===== Data

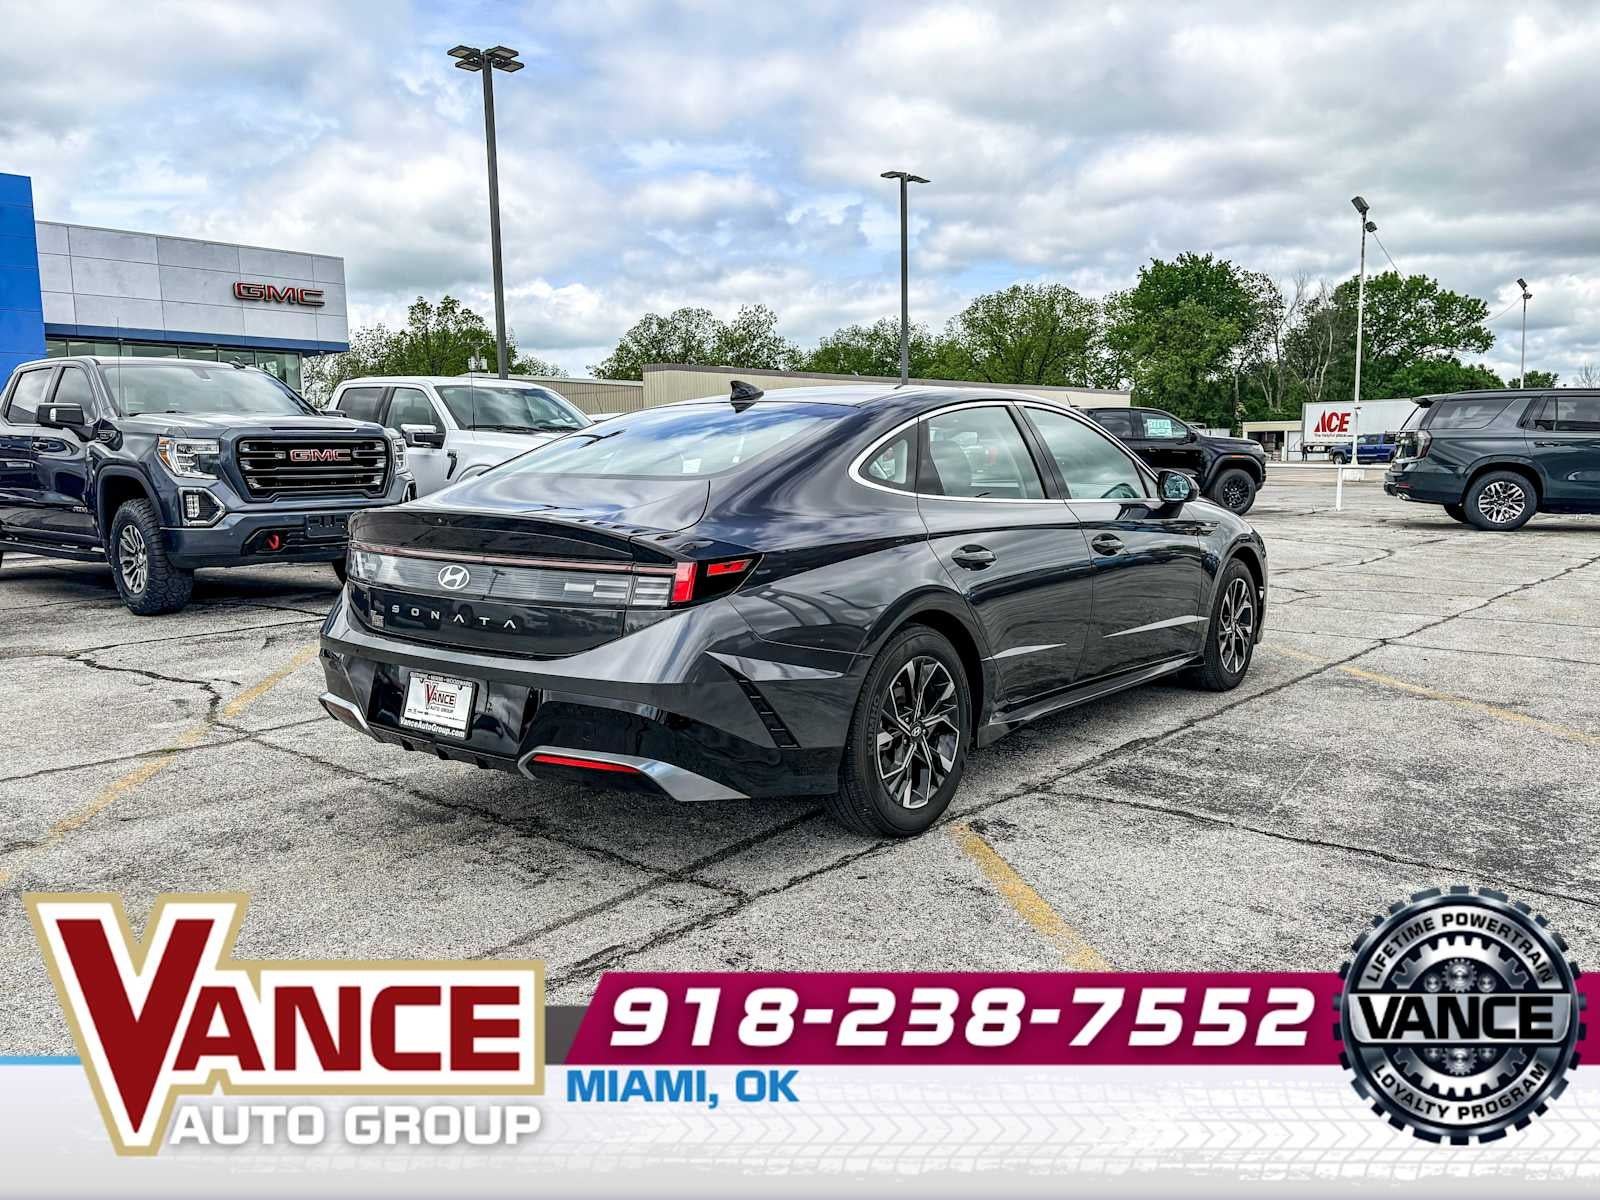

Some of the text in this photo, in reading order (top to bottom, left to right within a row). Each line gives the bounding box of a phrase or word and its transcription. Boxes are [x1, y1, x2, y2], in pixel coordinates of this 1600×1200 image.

[232, 282, 325, 306] GMC
[1314, 409, 1351, 432] ACE
[290, 449, 351, 461] GMC
[391, 604, 516, 629] SONATA
[425, 682, 455, 705] VANCE
[400, 717, 466, 738] VanceAutoGroup.com

==========

Restate each record from above word for word, excluding any picture it holds.

Some of the text in this photo, in reading order (top to bottom, left to right within a row). Each line gives the bounding box of a phrase or word and its transcription. Boxes are [x1, y1, x2, y2], in pixel coordinates of this 1600×1200 image.

[232, 282, 325, 306] GMC
[1314, 409, 1351, 432] ACE
[290, 449, 351, 461] GMC
[391, 604, 516, 629] SONATA
[425, 682, 455, 705] VANCE
[400, 717, 466, 738] VanceAutoGroup.com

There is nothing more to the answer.